The detainees, Baptists from Idaho, say they were only trying to help orphans survive the earthquake. But legal experts say taking children across a border without documents or government permission can be considered child trafficking.

On Monday, Haiti's prime minister said the missionaries knew that "what they were doing was wrong."

Prime Minister Max Bellerive told The Associated Press that his country is open to having the Americans face prosecution in the United States, since most government buildings — including Haiti's courts — were crippled by the monster earthquake.

"It is clear now that they were trying to cross the border without papers. It is clear now that some of the children have live parents," Bellerive said. "And it is clear now that they knew what they were doing was wrong."

If they were acting in good faith — as the Americans claim — "perhaps the courts will try to be more lenient with them," he said.

Abduction or adoption?
U.S. Embassy officials would not say whether Washington would accept hosting judicial proceedings for the Americans.

Cheryl Mills, counselor to the secretary of state, said Tuesday she is not aware of any conversations with the Haitian government about prosecuting the Americans in the U.S.

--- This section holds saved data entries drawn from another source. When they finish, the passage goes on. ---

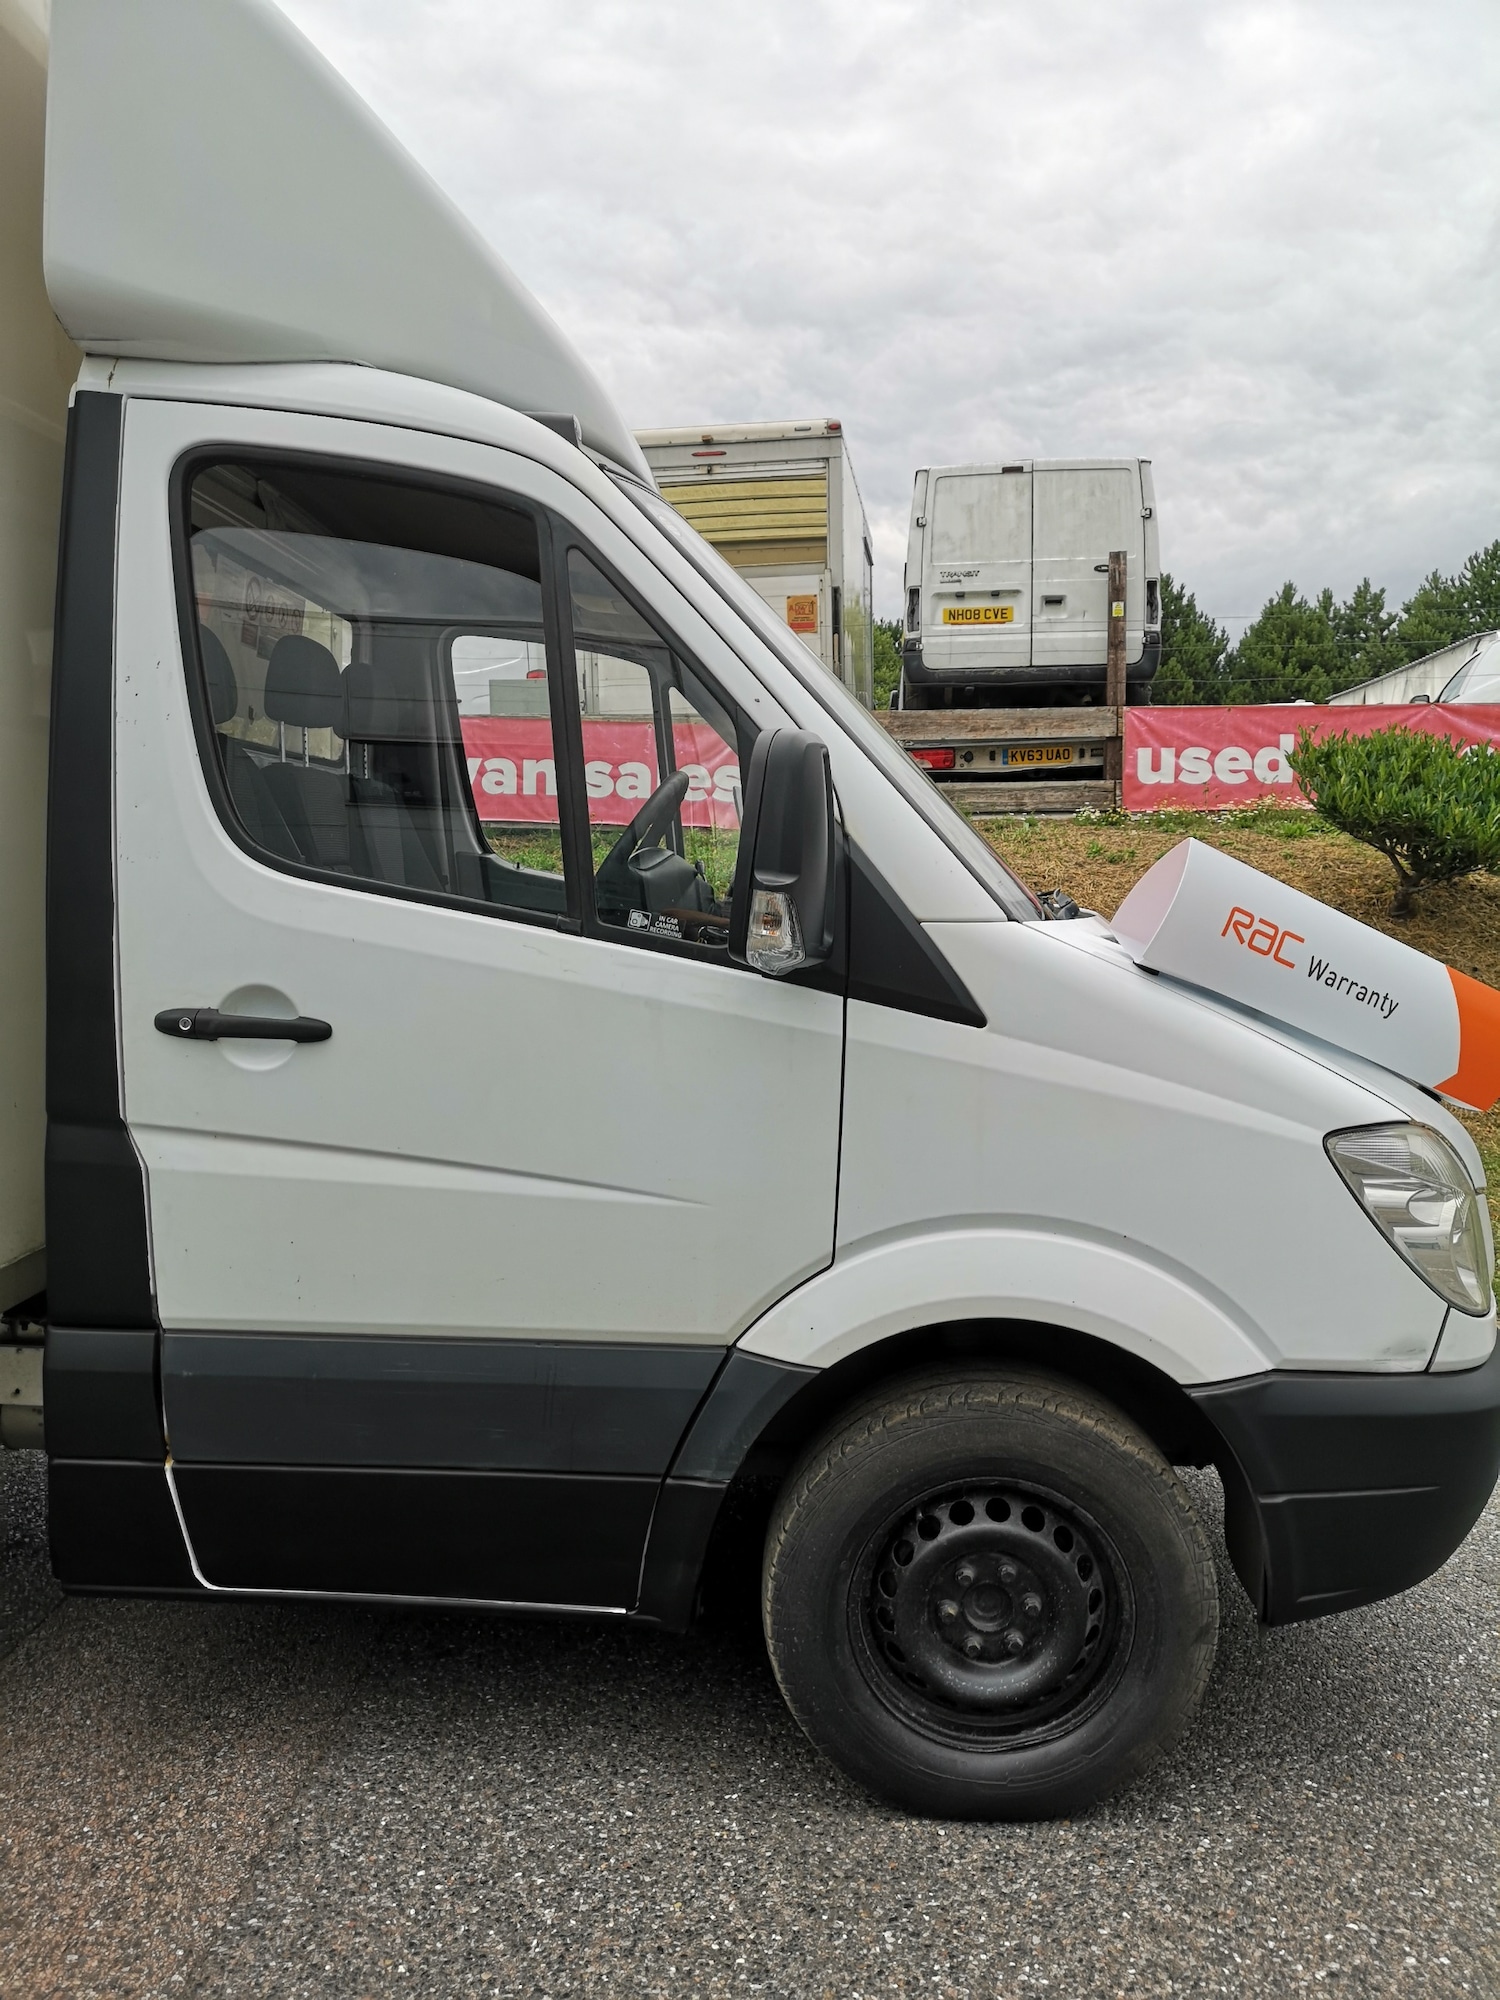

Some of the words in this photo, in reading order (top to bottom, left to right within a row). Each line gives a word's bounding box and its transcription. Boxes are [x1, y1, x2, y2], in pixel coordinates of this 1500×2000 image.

[948, 608, 981, 621] NH08
[984, 607, 1009, 620] CVE
[1010, 749, 1043, 763] KV63
[1046, 748, 1070, 761] UAO
[1137, 734, 1295, 785] used
[466, 757, 557, 795] an
[584, 760, 741, 802] saes
[655, 921, 680, 931] CAMERA
[666, 917, 679, 925] CAR
[650, 926, 682, 938] RECORDING
[1307, 955, 1400, 1019] Warranty

Mills would not speculate whether the missionaries were legitimately trying to help the children, saying only that, "I appreciate that obviously in this instance individuals were making their own assessment about how they best could participate."

Haitian officials insist some prosecution is needed to help deter child trafficking, which many fear will flourish in the chaos caused by the devastating Jan. 12 quake. The government and aid groups are still struggling to get food, water, shelter and basic health care to hundreds of thousands of survivors, and many parents are desperate to get help for their children.

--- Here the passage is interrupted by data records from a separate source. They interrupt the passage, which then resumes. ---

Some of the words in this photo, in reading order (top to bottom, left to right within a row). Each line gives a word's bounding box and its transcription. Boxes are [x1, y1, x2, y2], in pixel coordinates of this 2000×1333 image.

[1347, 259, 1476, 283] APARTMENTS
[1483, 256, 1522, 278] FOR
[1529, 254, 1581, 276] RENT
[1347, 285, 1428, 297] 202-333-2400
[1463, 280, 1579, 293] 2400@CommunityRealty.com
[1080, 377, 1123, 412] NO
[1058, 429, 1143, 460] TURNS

U.S. diplomats have had "unlimited" access to the 10 detainees, and will monitor any court proceedings, State Department spokesman P.J. Crowley said. 

Nine of the 10 Americans initially met with a Haitian judge on Monday but because of uncertainty in the quality of translation, another interpreter was sought for further meetings.

Humanitarian aim?
Members of the church group insisted they were only trying to save abandoned children — but few appear to have had any significant experience with Haiti, international charity work or international adoption regulations.

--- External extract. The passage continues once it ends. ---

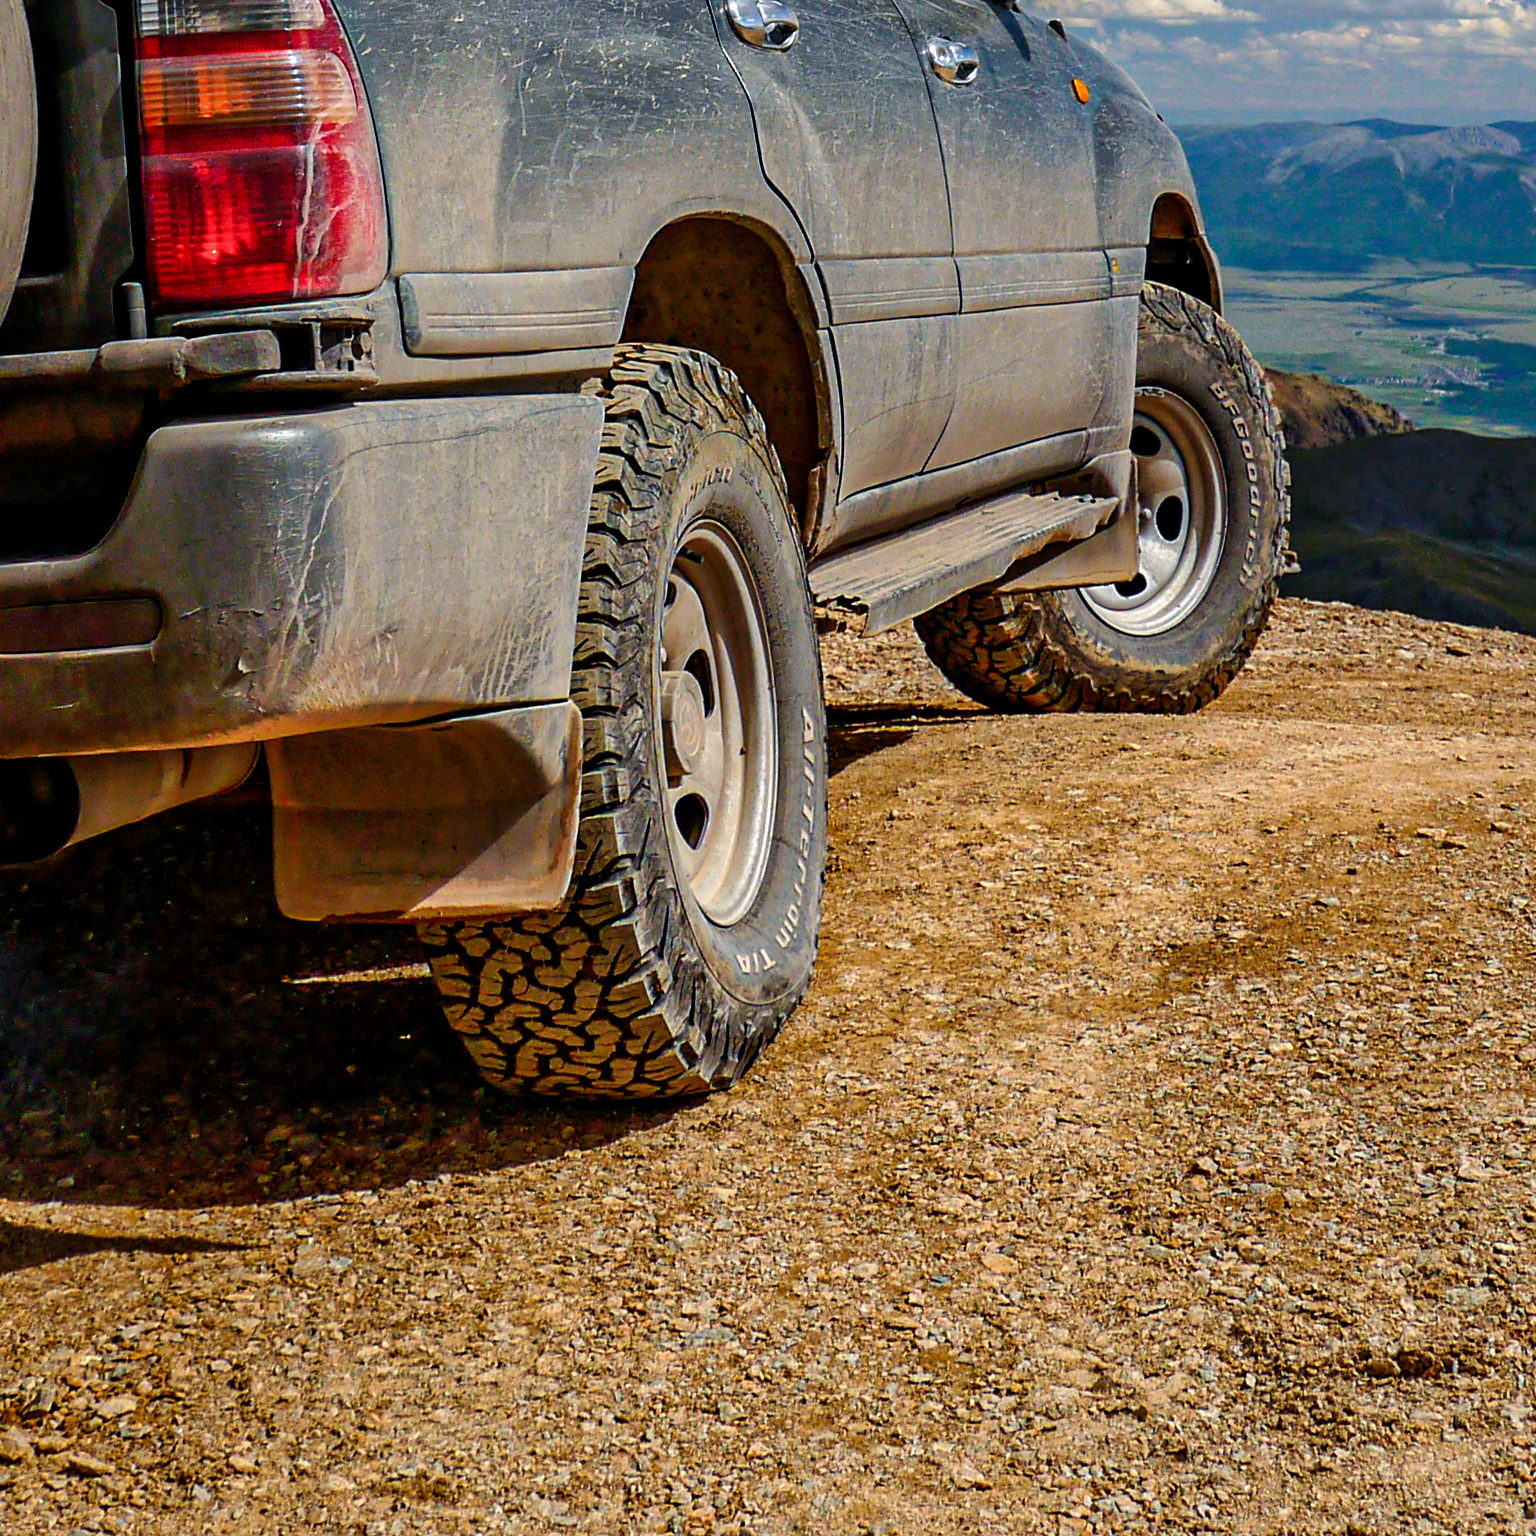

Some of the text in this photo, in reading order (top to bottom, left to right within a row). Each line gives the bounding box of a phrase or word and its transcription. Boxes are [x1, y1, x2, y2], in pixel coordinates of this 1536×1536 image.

Pastor Clint Henry told the TODAY show on Tuesday that the church members were doing what they thought was right and what "they thought they had permission for."

Since their arrest Friday near the border, the church group has been held inside two small concrete rooms in the same judicial police headquarters building where ministers have makeshift offices and give disaster response briefings.

Investigators have been trying to determine how the Americans got the children, and whether any of the traffickers that have plagued the impoverished country were involved. Their detained spokeswoman, Laura Silsby, said they were "just trying to do the right thing," but she conceded she had not obtained the required passports, birth certificates and adoption certificates for them — a near impossible challenge in the post-quake mayhem.

'I am not an orphan'
The 33 kids, ranging in age from 2 months to 12 years, arrived with their names written in tape on their shirts at a children's home where some told aid workers they have surviving parents. Haitian officials said they were trying to reunite them.

The prime minister said some of those parents may have knowingly given their kids to the Americans in hopes they would reach the United States — a not uncommon wish for poor families in a country that already had an estimated 380,000 orphans before the quake.

Haiti's overwhelmed government has halted all adoptions unless they were in motion before the earthquake amid fears that parentless or lost children are more vulnerable than ever to being seized and sold. Bellerive's personal authorization is now required for the departure of any child.

The arrested Americans' churches are part of the Southern Baptist Convention, America's largest Protestant denomination, which has extensive humanitarian programs worldwide, but they decided to mount their own "rescue mission" following the earthquake.